Since I’m not directly involved in oncology care, I have a limited perspective on how quickly molecular medicine may transform cancer care. A recent commentary (IF Tannock, JA Hickman. NEJM 2016; 1289-94) explains the “Limits to Personalized Cancer Medicine.”
While the idea of careful molecular characterization of tumors that lead to targeted therapy with better survival and better patient quality of life has been proven effective in several circumstances, there are a number of reasons why this approach will not be useful for most cancers.
- Examples of current personalized cancer Rx: trastuzumab for HER2-expressing breast cancer and vemurafenib for BRAF-mutated-expressing melanomas.
- Very few studies have shown feasibility/effectiveness of targeted drug treatment
- There has been limited success with targeted drugs within and outside studies
- Though proponents of targeted therapy expect further advances, tumors typically have heterogeneity which allows a Darwinian evolution to evade these new therapies. “Cancer cells have an almost universal capacity to develop resistance to a single molecular targeted agent by means of upregulation of the partially inhibited pathway, mutation of the target, or activation of alternative pathways.”

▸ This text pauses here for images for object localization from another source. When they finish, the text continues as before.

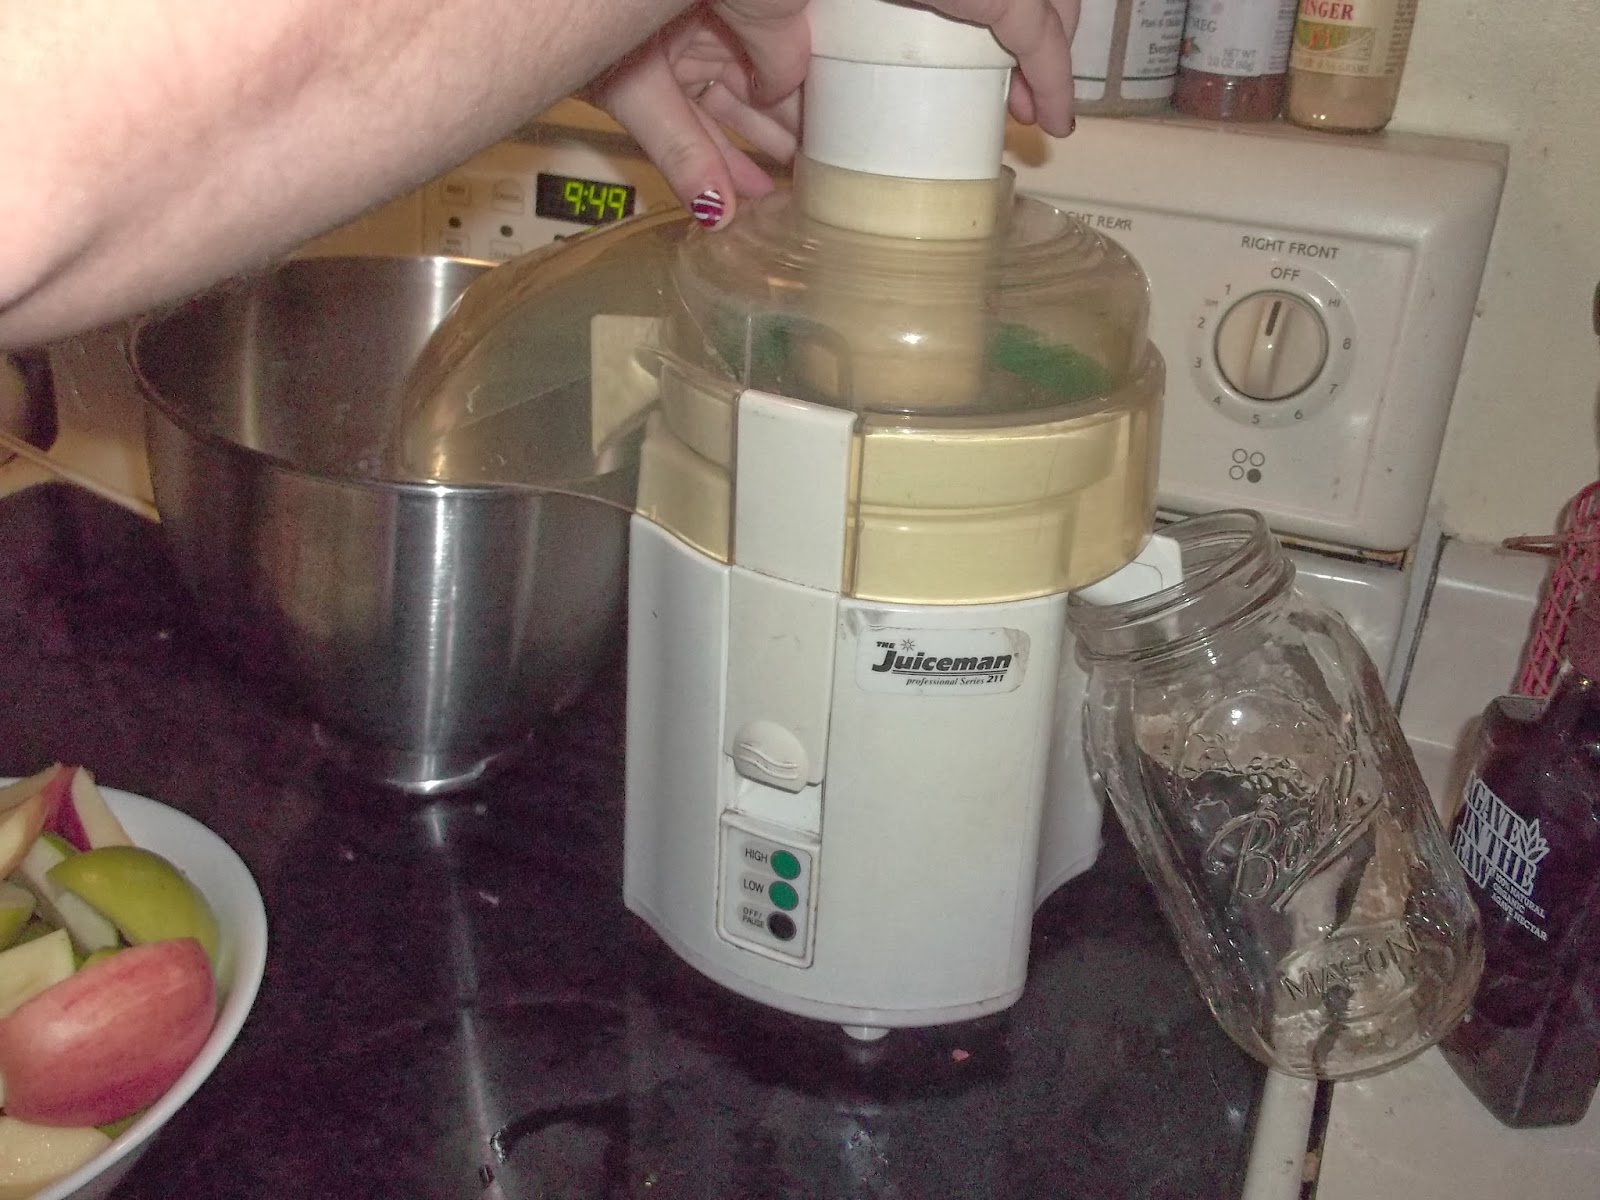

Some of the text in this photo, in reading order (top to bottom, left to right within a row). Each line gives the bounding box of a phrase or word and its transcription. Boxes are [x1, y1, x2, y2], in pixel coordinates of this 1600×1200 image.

[564, 181, 628, 219] 9:49
[1096, 215, 1133, 232] REAR
[1241, 235, 1339, 259] RIGHT FRONT
[1270, 267, 1301, 281] OFF
[1225, 284, 1231, 295] 1
[1197, 317, 1206, 329] 2
[1343, 337, 1352, 350] 8
[1194, 356, 1202, 369] 3
[1329, 383, 1338, 395] 7
[1213, 396, 1221, 406] 4
[1251, 413, 1260, 425] 5
[1294, 409, 1303, 420] 6
[876, 641, 896, 649] THE
[871, 650, 1013, 673] Juiceman
[906, 674, 1004, 686] professional Series 211
[745, 848, 768, 863] HIGH
[1486, 828, 1535, 893] THE
[743, 878, 764, 894] LOW
[1493, 882, 1526, 914] ORGANIC
[1510, 885, 1546, 919] NATURAL
[742, 916, 765, 929] PAUSE
[1491, 892, 1548, 941] AGAVE NECTAR
[1280, 928, 1419, 1000] MASON

- Targeted therapies are usually limited by only partial inhibition of the signaling pathways and by toxicity when used in combination therapy.
- In some cases, a clonal driver mutation may be present which would be present in all cell lines –however the authors note that success from this approach is likely to be rare.

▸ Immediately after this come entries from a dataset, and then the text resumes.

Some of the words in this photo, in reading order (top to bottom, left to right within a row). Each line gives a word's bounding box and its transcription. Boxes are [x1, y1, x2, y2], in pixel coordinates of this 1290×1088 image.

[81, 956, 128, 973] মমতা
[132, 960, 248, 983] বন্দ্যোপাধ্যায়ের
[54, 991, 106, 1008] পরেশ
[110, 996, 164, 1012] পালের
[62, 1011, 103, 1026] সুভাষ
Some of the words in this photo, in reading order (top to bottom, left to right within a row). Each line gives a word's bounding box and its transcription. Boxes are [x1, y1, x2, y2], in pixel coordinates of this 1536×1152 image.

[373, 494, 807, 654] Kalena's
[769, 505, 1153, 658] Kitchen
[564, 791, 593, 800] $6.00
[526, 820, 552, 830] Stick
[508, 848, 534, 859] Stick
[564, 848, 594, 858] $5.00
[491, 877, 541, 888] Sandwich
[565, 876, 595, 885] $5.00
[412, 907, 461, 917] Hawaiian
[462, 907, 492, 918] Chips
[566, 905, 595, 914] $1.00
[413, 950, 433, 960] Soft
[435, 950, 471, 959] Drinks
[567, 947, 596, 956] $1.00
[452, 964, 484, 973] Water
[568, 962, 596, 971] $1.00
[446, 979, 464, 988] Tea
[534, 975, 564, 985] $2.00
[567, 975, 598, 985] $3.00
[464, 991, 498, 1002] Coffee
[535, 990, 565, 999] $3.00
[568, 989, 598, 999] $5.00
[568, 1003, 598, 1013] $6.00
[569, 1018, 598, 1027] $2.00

- Cost: “new drugs to treat cancer are marketed at ever-increasing prices…unrelated to value (i.e. to clinical effectiveness)….but the development and marketing of expensive drugs with marginal effectiveness diverts resources from the development of more effective therapies.”
My take (borrowed from authors): “The concept of personalized medicine is so appealing…[but] there should also be a clear message to patients that personalized cancer medicine has not led to gains in survival…and is an appropriate strategy only within well-designed clinical trials.”